(Records provided begins)
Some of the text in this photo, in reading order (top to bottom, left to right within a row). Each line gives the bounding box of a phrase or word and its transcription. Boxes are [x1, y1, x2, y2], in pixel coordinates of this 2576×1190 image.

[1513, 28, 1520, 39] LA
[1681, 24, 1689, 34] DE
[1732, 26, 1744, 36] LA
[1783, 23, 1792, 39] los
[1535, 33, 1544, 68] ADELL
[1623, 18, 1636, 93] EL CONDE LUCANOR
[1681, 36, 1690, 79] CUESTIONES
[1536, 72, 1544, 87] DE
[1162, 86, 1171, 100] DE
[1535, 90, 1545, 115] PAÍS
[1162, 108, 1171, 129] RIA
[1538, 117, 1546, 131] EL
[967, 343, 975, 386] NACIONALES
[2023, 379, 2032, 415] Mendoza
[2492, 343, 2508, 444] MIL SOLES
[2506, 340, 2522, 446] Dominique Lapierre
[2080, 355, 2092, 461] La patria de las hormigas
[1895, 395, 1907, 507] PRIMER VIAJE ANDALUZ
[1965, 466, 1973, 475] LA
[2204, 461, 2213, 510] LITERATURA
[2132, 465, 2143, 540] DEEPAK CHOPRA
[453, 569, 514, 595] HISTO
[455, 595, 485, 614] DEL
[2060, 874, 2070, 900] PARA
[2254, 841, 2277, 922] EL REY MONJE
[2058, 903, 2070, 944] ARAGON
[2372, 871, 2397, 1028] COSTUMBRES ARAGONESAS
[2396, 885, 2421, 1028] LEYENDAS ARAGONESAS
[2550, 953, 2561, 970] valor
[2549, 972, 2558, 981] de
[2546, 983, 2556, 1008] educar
(Records provided ends)
Instructions to follow -
Could you transcribe the records in full, exactly?

Exercise answer -
Some of the text in this photo, in reading order (top to bottom, left to right within a row). Each line gives the bounding box of a phrase or word and its transcription. Boxes are [x1, y1, x2, y2], in pixel coordinates of this 2576×1190 image.

[1513, 28, 1520, 39] LA
[1681, 24, 1689, 34] DE
[1732, 26, 1744, 36] LA
[1783, 23, 1792, 39] los
[1535, 33, 1544, 68] ADELL
[1623, 18, 1636, 93] EL CONDE LUCANOR
[1681, 36, 1690, 79] CUESTIONES
[1536, 72, 1544, 87] DE
[1162, 86, 1171, 100] DE
[1535, 90, 1545, 115] PAÍS
[1162, 108, 1171, 129] RIA
[1538, 117, 1546, 131] EL
[967, 343, 975, 386] NACIONALES
[2023, 379, 2032, 415] Mendoza
[2492, 343, 2508, 444] MIL SOLES
[2506, 340, 2522, 446] Dominique Lapierre
[2080, 355, 2092, 461] La patria de las hormigas
[1895, 395, 1907, 507] PRIMER VIAJE ANDALUZ
[1965, 466, 1973, 475] LA
[2204, 461, 2213, 510] LITERATURA
[2132, 465, 2143, 540] DEEPAK CHOPRA
[453, 569, 514, 595] HISTO
[455, 595, 485, 614] DEL
[2060, 874, 2070, 900] PARA
[2254, 841, 2277, 922] EL REY MONJE
[2058, 903, 2070, 944] ARAGON
[2372, 871, 2397, 1028] COSTUMBRES ARAGONESAS
[2396, 885, 2421, 1028] LEYENDAS ARAGONESAS
[2550, 953, 2561, 970] valor
[2549, 972, 2558, 981] de
[2546, 983, 2556, 1008] educar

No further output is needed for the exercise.